[Opening Data shown section]

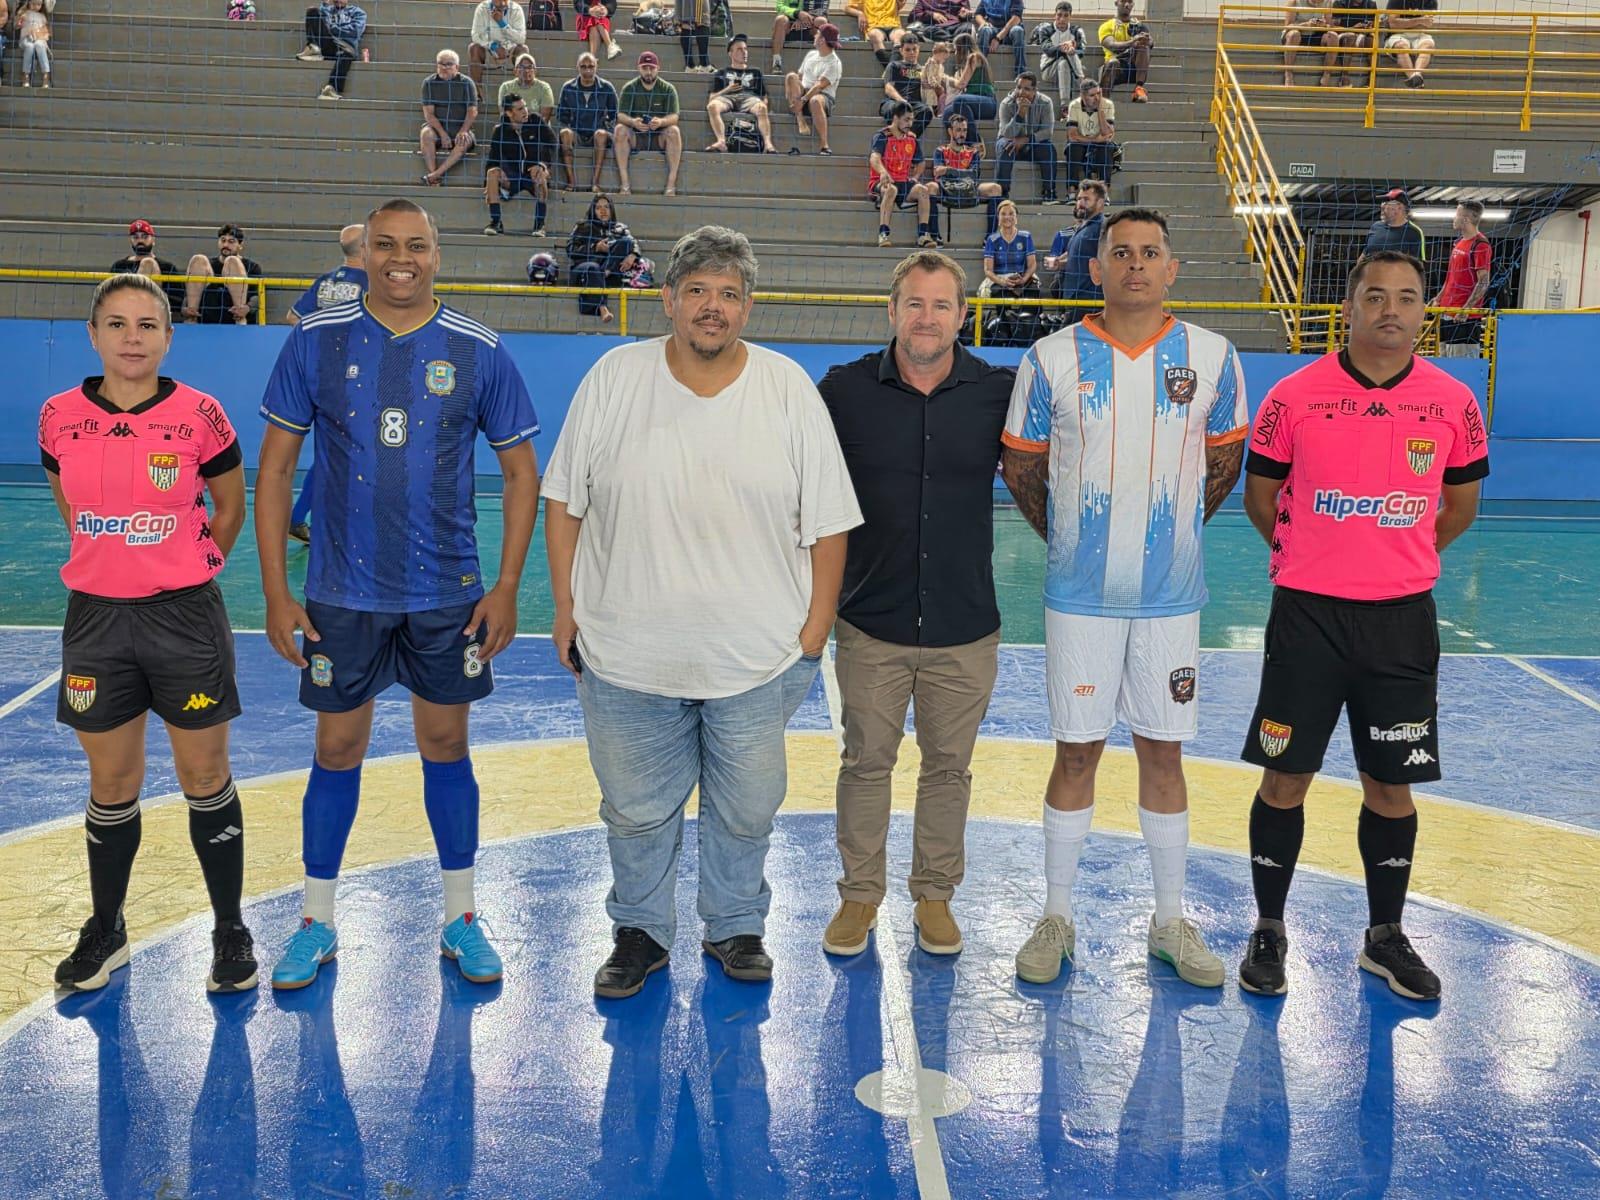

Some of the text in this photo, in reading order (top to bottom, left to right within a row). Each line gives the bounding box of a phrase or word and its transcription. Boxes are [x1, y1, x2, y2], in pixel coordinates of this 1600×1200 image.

[1167, 368, 1195, 380] CAEB
[381, 408, 407, 446] 8
[1411, 441, 1433, 451] FPF
[153, 455, 176, 466] FPF
[1379, 515, 1415, 526] Brasil
[127, 533, 161, 544] Brasil
[464, 642, 483, 677] 8
[70, 678, 91, 688] FPF
[1266, 723, 1287, 736] FPF

[Closing Data shown section]

What you are asked to do » No picture is to appear in the copy; every entry above is otherwise to be printed verbatim.

Worked solution »
Some of the text in this photo, in reading order (top to bottom, left to right within a row). Each line gives the bounding box of a phrase or word and its transcription. Boxes are [x1, y1, x2, y2], in pixel coordinates of this 1600×1200 image.

[1167, 368, 1195, 380] CAEB
[381, 408, 407, 446] 8
[1411, 441, 1433, 451] FPF
[153, 455, 176, 466] FPF
[1379, 515, 1415, 526] Brasil
[127, 533, 161, 544] Brasil
[464, 642, 483, 677] 8
[70, 678, 91, 688] FPF
[1266, 723, 1287, 736] FPF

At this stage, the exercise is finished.